In the first round of the World Championships held in Eugene, Oregon in July, Bisset was knocked to the track and spiked by a competitor. Nonetheless, she completed the race and was added to the semi-final field by the race jury. The following day, she ran with 11 stitches in her thigh and a swollen knee, but did not advance to the final. Despite her injuries, she competed at the Birmingham Commonwealth Games in August, placing fifth in a time of 1:59.41.

===2023===
In February, Bisset ran three World Indoor Tour races, including another indoor sub-two minutes. Returning to Australia, she won the Brisbane Track Classic in 1:59.74. She then won her fourth national title in a meet record of 1:58.32, the fastest time by an Australian on home soil. In July, Bisset again lowered her national record to 1:57.78 in London.

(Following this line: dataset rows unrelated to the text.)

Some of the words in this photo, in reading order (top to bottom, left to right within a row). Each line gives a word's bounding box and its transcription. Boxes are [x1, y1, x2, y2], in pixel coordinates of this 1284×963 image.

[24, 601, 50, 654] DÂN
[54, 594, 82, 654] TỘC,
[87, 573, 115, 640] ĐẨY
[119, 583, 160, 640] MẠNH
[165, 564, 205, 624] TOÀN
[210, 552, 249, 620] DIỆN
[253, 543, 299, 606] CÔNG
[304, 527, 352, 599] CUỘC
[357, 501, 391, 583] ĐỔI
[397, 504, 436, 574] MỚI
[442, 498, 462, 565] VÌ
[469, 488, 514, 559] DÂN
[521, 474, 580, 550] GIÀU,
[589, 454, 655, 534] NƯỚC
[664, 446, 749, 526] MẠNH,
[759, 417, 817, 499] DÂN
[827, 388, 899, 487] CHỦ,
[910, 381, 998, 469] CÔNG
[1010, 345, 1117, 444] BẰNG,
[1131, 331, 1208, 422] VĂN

At the end of her season, Track & Field News ranked Bisset seventh in the women's 800 metres, the first Australian to feature in the top-10 since Rendina in 1974.

===2024===
Bisset faced strong domestic competition for a place on the Olympic team. After failing to defend her national title, running 1:59.87 behind Claudia Hollingsworth, Abbey Caldwell and Bendere Oboya, Bisset went on to run a season's best of 1:58.12 at the London Diamond League in July. She competed in the 2024 Paris Olympics, where she drew attention among Hong Kong citizens due to sharing the same Chinese name as the singer Hacken Lee. At the end of her season, Bisset joined M11 Track Club in Manchester, coached by Trevor Painter and Jenny Meadows.

==Statistics==
===International competitions===
| 2019 | World Relays | Yokohama, Japan | 2nd | 2 × 2 × 400 m relay | 3:37.61 |
| Summer Universiade | Naples, Italy | 1st | 800 m | 2:01.20 | |
| World Championships | Doha, Qatar | 39th (h) | 800 m | 2:05.33 | |
| 2021 | Olympic Games | Tokyo, Japan | 21st (h) | 800 m | 2:01.65 |
| 2022 | World Indoor Championships | Belgrade, Serbia | 5th | 800 m | 2:01.24 |
| World Championships | Eugene, United States | 26th (sf) | 800 m | 2:05.20 | |
| Commonwealth Games | Birmingham, United Kingdom | 5th | 800 m | 1:59.41 | |
| 2023 | World Championships | Budapest, Hungary | 12th (sf) | 800 m | 1:59.94 |
| 2024 | World Indoor Championships | Glasgow, United Kingdom | 8th (sf) | 800 m | 2:00.13 |
| Olympic Games | Paris, France | 17th (rep) | 800 m | 2:02.35 | |

Representing Australia
| Year | Competition | Venue | Position | Event | Time |
| 2019 | World Relays | Yokohama, Japan | 2nd | 2 × 2 × 400 m relay | 3:37.61 |
| Summer Universiade | Naples, Italy | 1st | 800 m | 2:01.20 |
| World Championships | Doha, Qatar | 39th (h) | 800 m | 2:05.33 |
| 2021 | Olympic Games | Tokyo, Japan | 21st (h) | 800 m | 2:01.65 |
| 2022 | World Indoor Championships | Belgrade, Serbia | 5th | 800 m i | 2:01.24 |
| World Championships | Eugene, United States | 26th (sf) | 800 m | 2:05.20 |
| Commonwealth Games | Birmingham, United Kingdom | 5th | 800 m | 1:59.41 |
| 2023 | World Championships | Budapest, Hungary | 12th (sf) | 800 m | 1:59.94 |
| 2024 | World Indoor Championships | Glasgow, United Kingdom | 8th (sf) | 800 m i | 2:00.13 |
| Olympic Games | Paris, France | 17th (rep) | 800 m | 2:02.35 |

===Oceanian and National titles===
- Oceania Area Championships in Athletics
  - 800 metres: 2019
- Australian Athletics Championships
  - 800 metres: 2019, 2021, 2022, 2023
  - 4 × 400 m relay: 2019, 2021

==Personal life==
Bisset studied a postgraduate degree in architecture and diploma in Chinese language at the University of Melbourne. Her mother was born in Nanjing, China. Part of her schooling was at Melrose High School in the Woden Valley area of Canberra.